Dans ce contexte je voudrais remercier les membres du Comité scientifique qui ont conseillé et orienté la directrice dans la composition de la collection, à savoir Carmen GIMENEZ, curateur du Guggenheim Museum de New York, Paul REILES, directeur du Musée d’histoire et d’art de Luxembourg, Stephan SCHMIDT-WULFFEN de l’Académie des Beaux-arts de Vienne, et Sir Nicholas SEROTA, directeur de la Tate Gallery de Londres. Un mot particulier de remerciements à nos fidèles mécènes avec l’espoir bien sûr que leur nombre va se multiplier à l’avenir.

(Vous me permettrez de prononcer en conclusion quelques paroles en langue nationale)

Monseigneur, Madame,
Leif Eiregäscht, Dir Dammen an Dir Hären,

Ech war emmer faszineiert vun der Feststellung, datt dei zeitgenössche Artisten, dei eis Gesellschaft prägen a vou et esou vill Wiesselbeziongen get, vun hiren Matbierger net unerkannt oder esoguer verkannt gin. Dat wor virun 200 Joer de Fall, ewei dei scheinste Wierker vun engem Mozart net apprécieiert goufen, dat wor esou an der neieren Zeit ewei ganz Konschtstreimungen ob Im- oder Expressionisten oder eenzel Artisten Modigliani, Van Gogh oder virun 100 Joer de Cézanne keen Zougang zu hirer Gesellschaft font hun. An dach musse en net soen datt all Konscht emmer zu jidder Zeit zeitgenössesch wir.

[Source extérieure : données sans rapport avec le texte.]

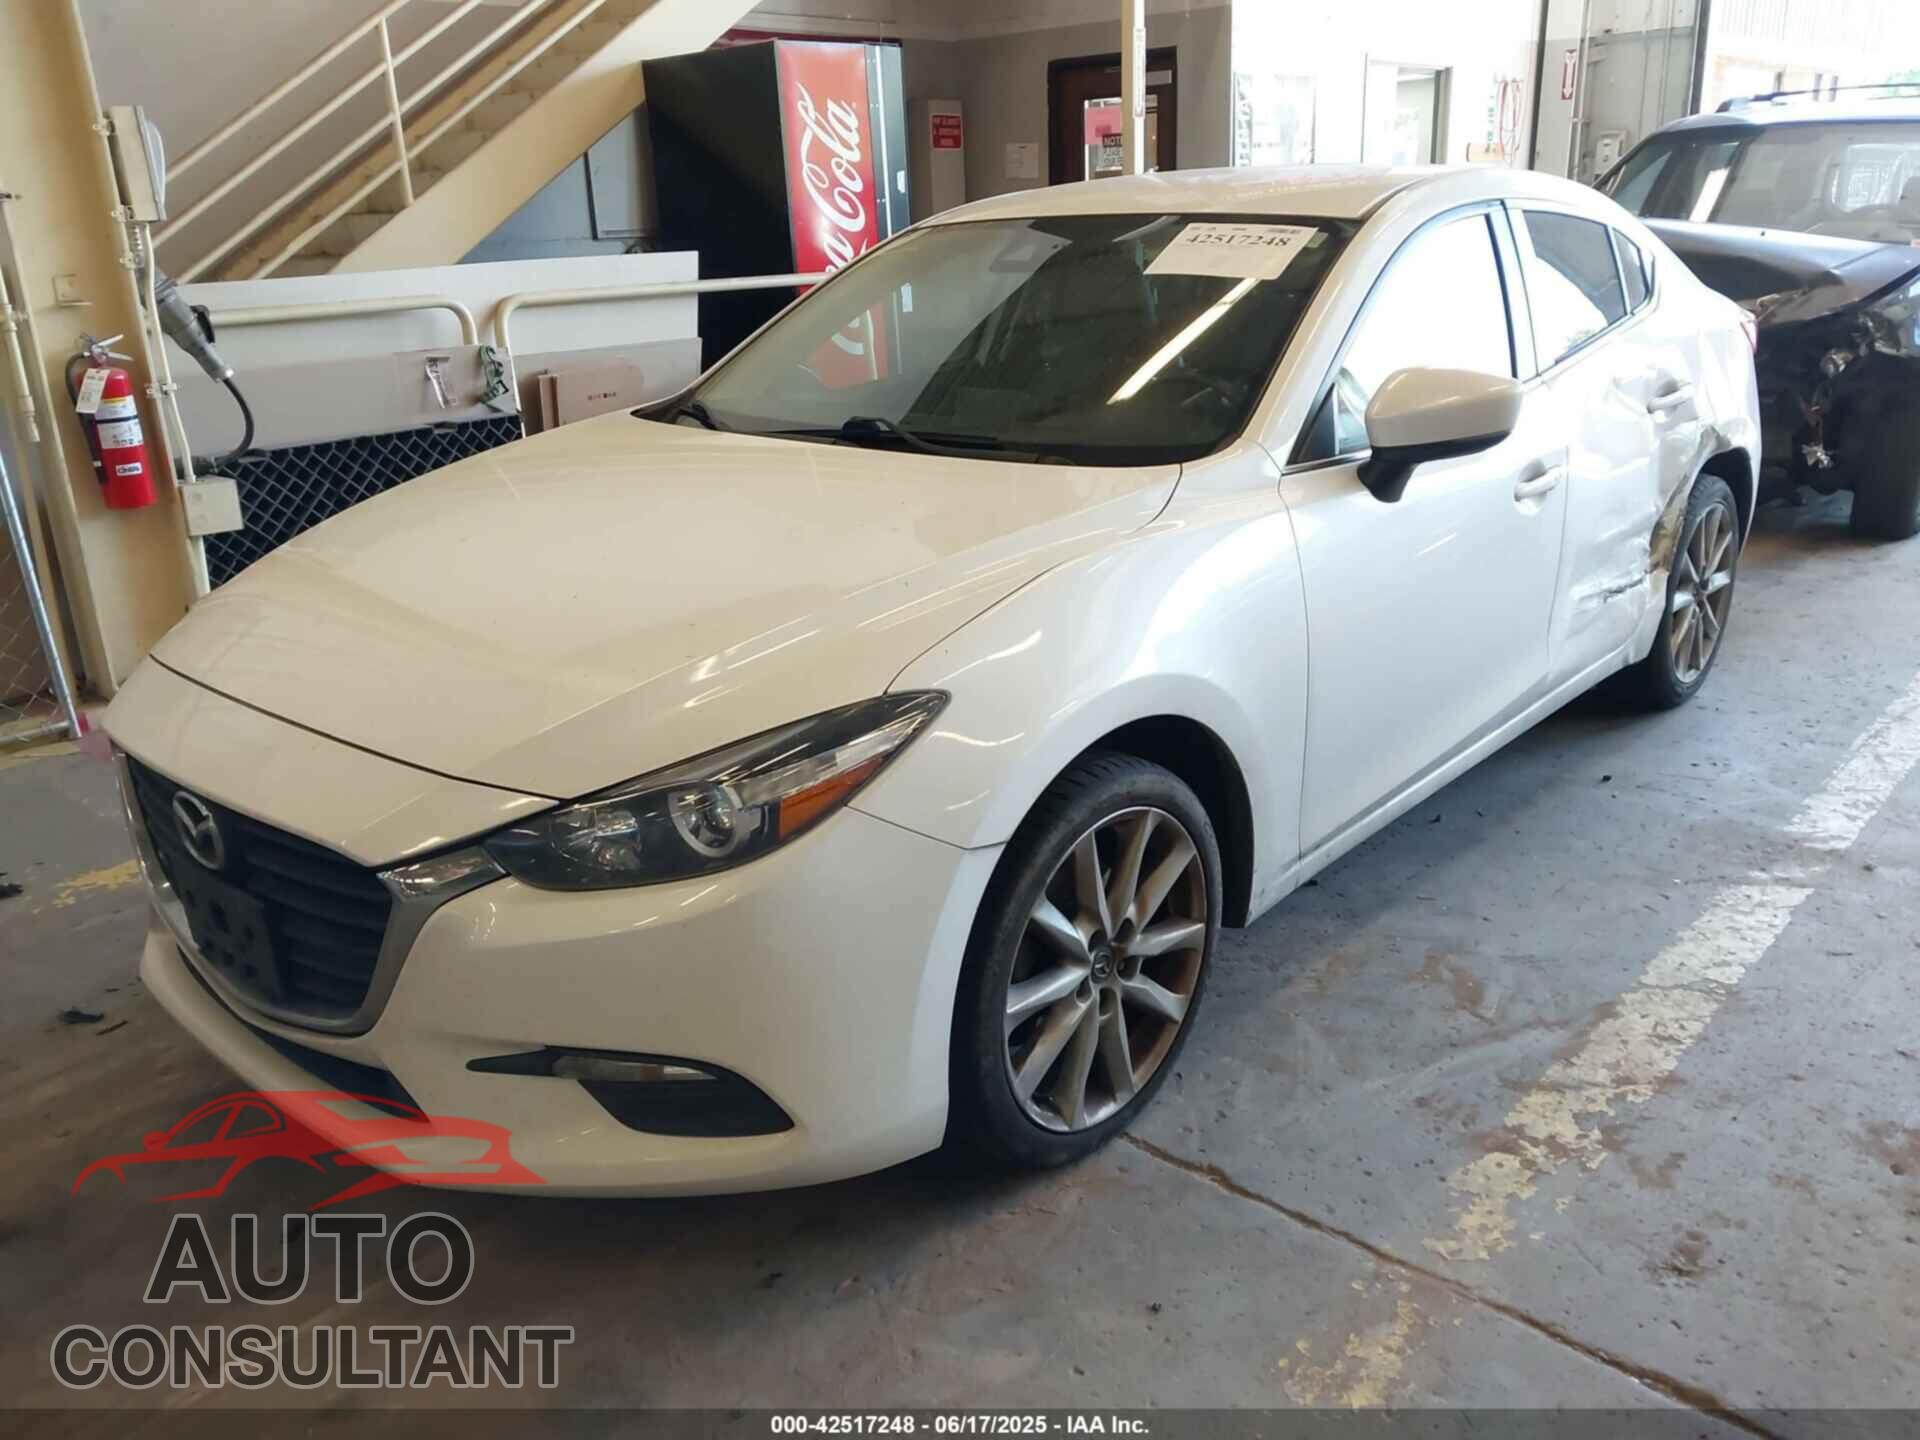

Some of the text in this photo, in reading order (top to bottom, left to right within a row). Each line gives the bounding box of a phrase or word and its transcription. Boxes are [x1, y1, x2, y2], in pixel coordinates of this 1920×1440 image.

[1104, 136, 1121, 145] NOT
[795, 81, 869, 274] a-Cola
[1186, 232, 1292, 247] 42517248

"All art has been contemporary" seet eng Oeuvre vum Maurizio Nannucci dei den Aquarium vum Casino-Forum d’art contemporain illumineiert. Fir eng Afeierung a Versteesdemech an dei modern, zeitgenössesch Konscht ze kreien steet de MUDAM. Hien soll en Atelier, e Laboratoire fir Geigenwartskulturen sin. Hie sollt een offent Haus sin, ewou all Leit aus allen Schichten vun der Bevölkerung, besonnesch vun jongen Joeren un, Freed dru fannen an t’Konscht agefeiert ze gin. Hie soll zesummen a komplementär mat deenen anere Kulturinstitutiounen koopereieren an iwert eis Grenzen ewech e bedeitende Kulturträger fir eis Groussregion gin. T’Viraussetzungen sin ewell geschaafen. Et ass un eis dess Substanz ze valoriseieren; dann ass desst Gebei dei bescht Investitioun an t’Zukunft vun eisem Land.

Altesses Royales,
Mesdames, Messieurs,

Je voudrais maintenant conclure en vous remerciant de votre attention "and now Ladies and Gentlemen Be the artist’s guests".